John Wooden, the famed UCLA basketball coach, was famous for warning that “If you always do what you have always done you will always end up where you have always been. ” Marketers who’s goal it is to increase market share at the expense of their competition must heed those words. Taking customers from your competitor’s coffers involves a change in behavior from those customers. That, according to Coach Wooden, dictates that you cannot continue with business as usual — something you are currently doing must change.

It does not matter if your product or service is direct to consumer, business to business or a mixture of both. It does not matter if you are in the packaged goods category, tourism industry or bio-tech market space. When you need to steal markets share from a formidable competitor you need to think differently. The traditional marketing changes and adjustments that everyone uses and employs simply do not work very well.

Coach Wooden has much to teach marketers who want to win, and while he never mentioned marketing in anything he ever said, what he did understand was human nature. He knew how to change behaviors and how to squeeze every ounce of benefit out of the hand he was dealt. Without the benefit of freshman eligibility Coach Wooden led UCLA to 10 national Championships in 12 years. It is a record of success that will most likely never be equaled in any team sport.

The Basics Are Overlooked

On his first day of practice, Coach Wooden would spend the entire day teaching his highly touted recruits how to properly put on their socks and sneakers. The likes of Kareem Abdul Jabbar and Bill Walton watched patiently as Coach Wooden demonstrated the proper way to put on athletic socks and tie shoes.

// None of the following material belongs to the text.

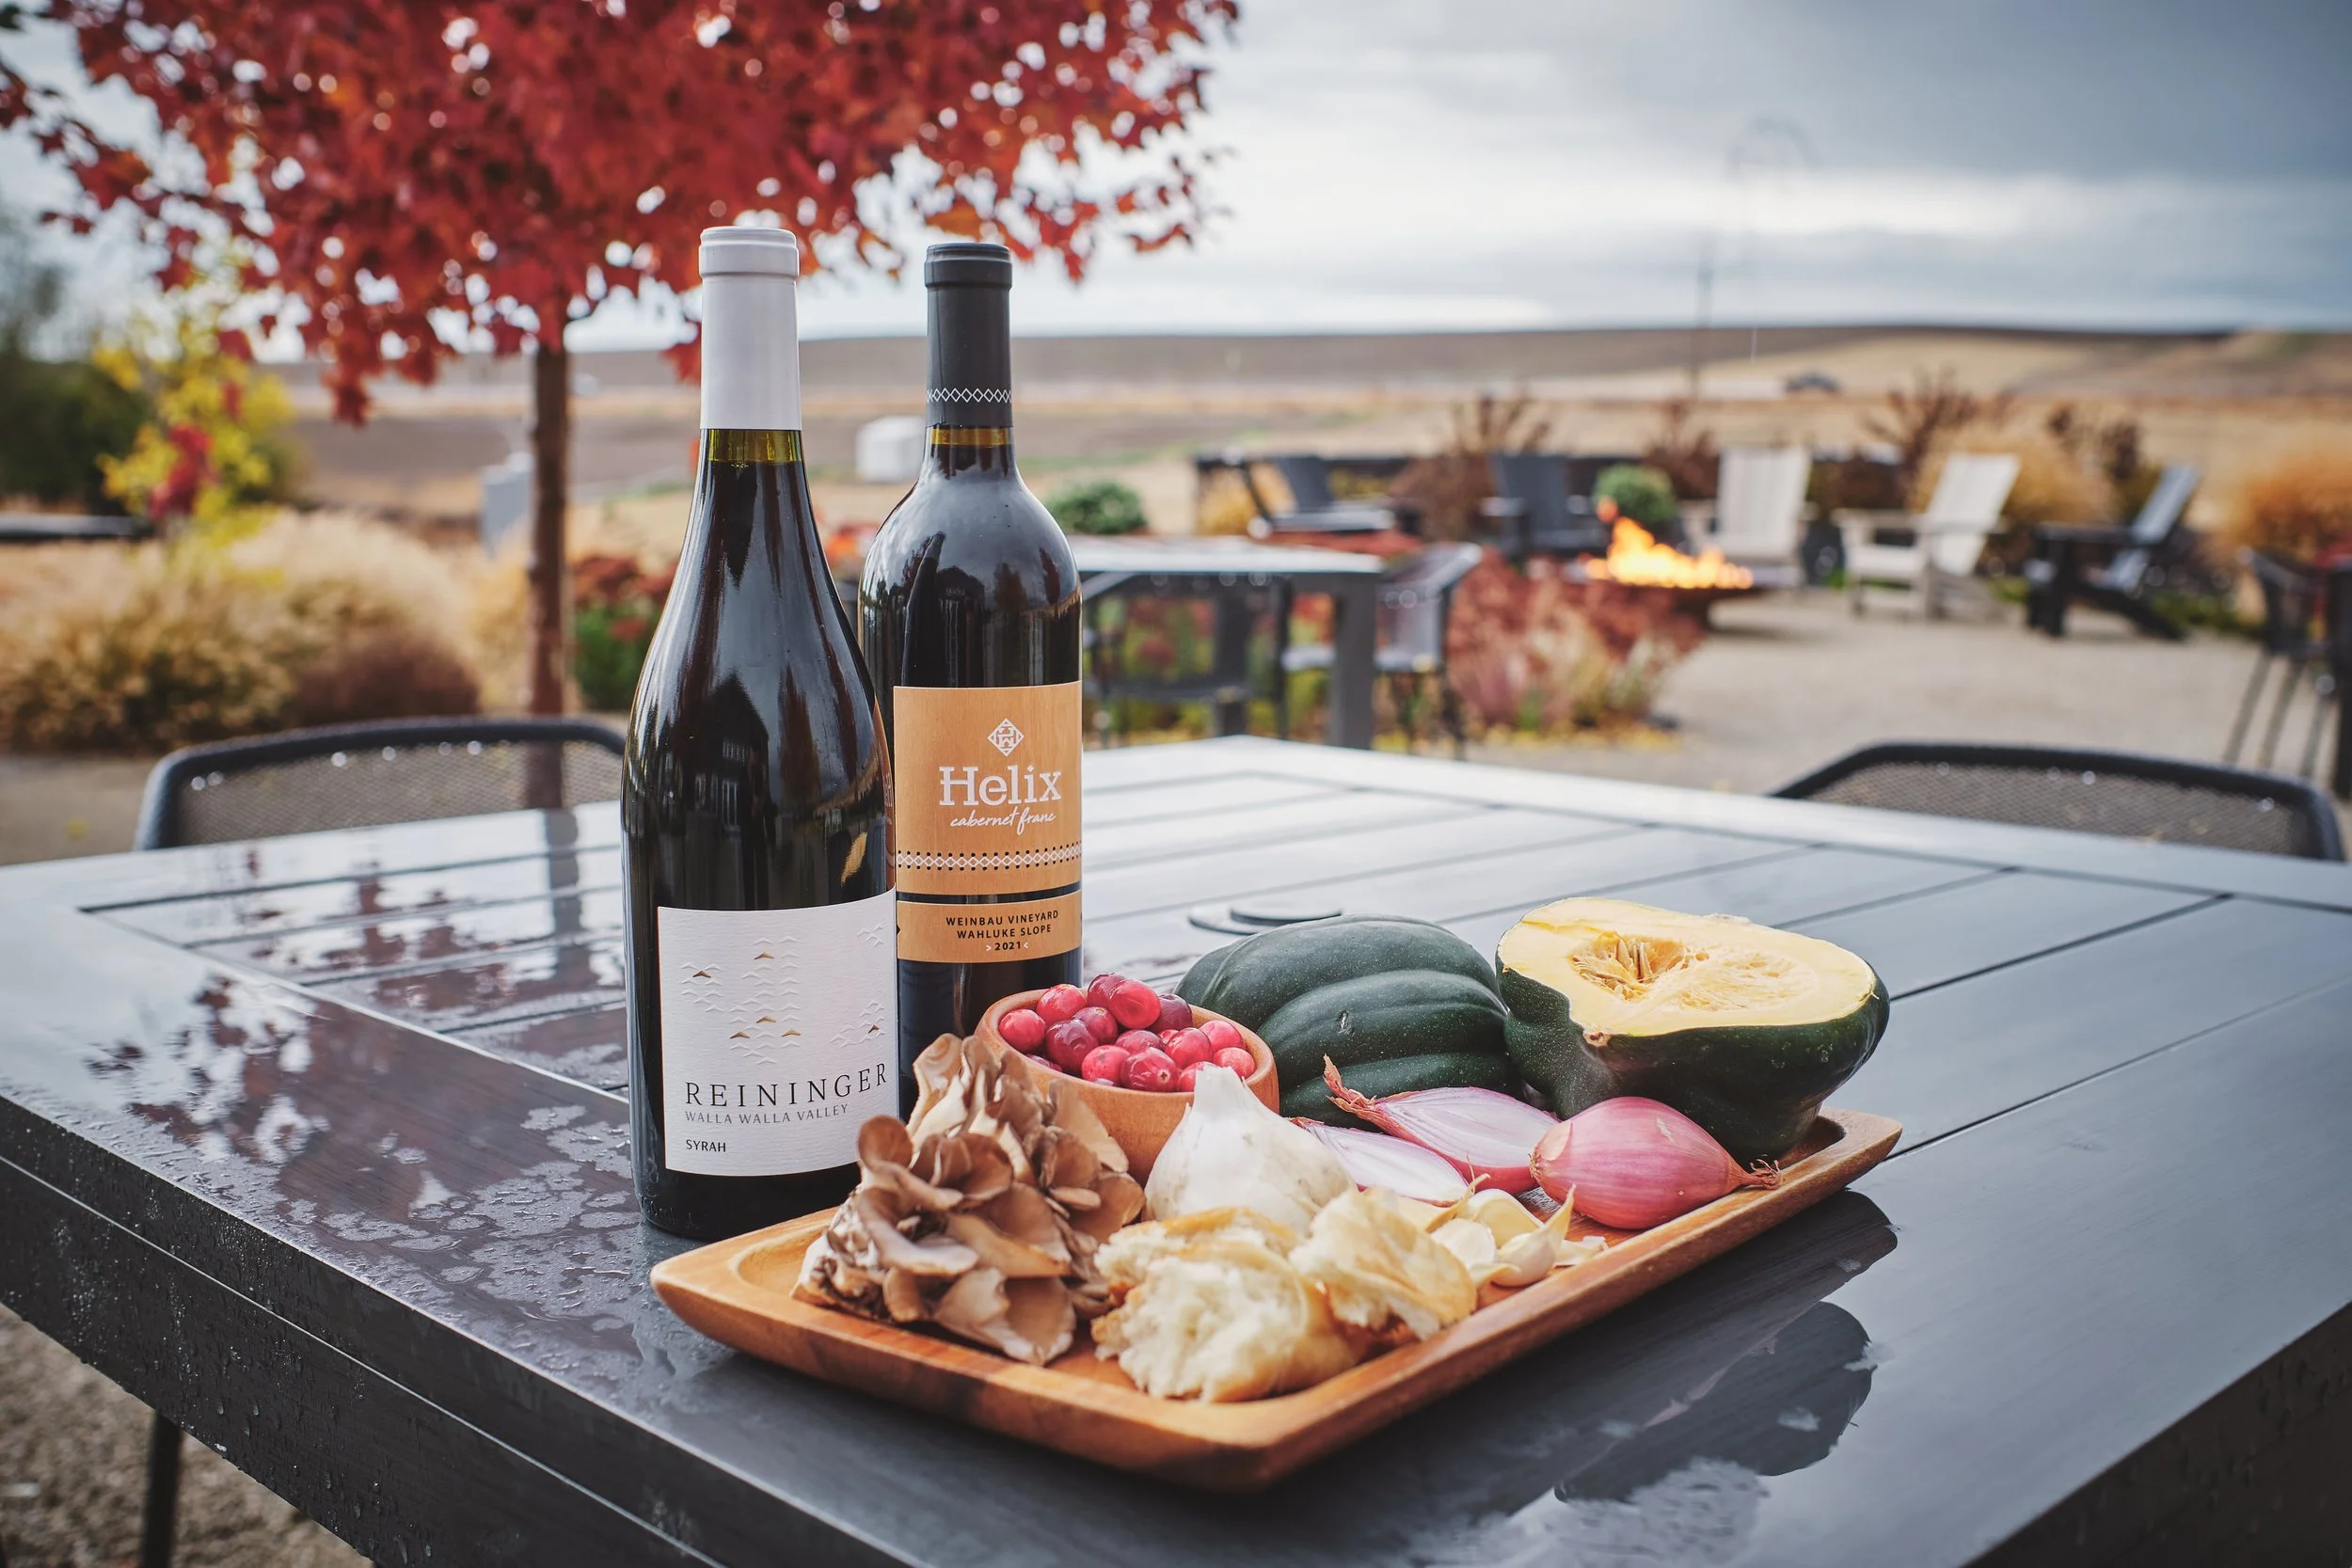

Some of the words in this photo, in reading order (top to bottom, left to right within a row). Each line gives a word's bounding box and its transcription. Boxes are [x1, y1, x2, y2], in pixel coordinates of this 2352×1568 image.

It seems silly and frivolous to speak of this, until you realize that Coach was teaching his team to pay attention to the minute details that form the foundation of their preparation. He showed them that neither a world-class vertical jump nor a seven-foot frame was immune to failure if your shoes became untied or if the socks bunched up and created a blister that limited your play. He was telling his players that the greatness of their game was subject to the very foundation of their preparation.

As you make your marketing plans to steal share, your brand permission forms the same foundation as putting on your socks and tying your shoes and carefully. Brand work is responsible for the ultimate success or failure of your best plans. Coach once said, “The most important key to achieving great success is to decide upon your goal and launch, get started, take action, move. ”


So, what is your goal? Stealing Share? Business as usual would tell you to increase the advertising budget, launch a new ad campaign, hire a new agency, conduct more focus groups, or find a new unique selling proposition (USP). We ask you to think differently because those old tactics just do not work. “Never confuse activity with accomplishment, ” warned the Wizard of Westwood, and neither should you.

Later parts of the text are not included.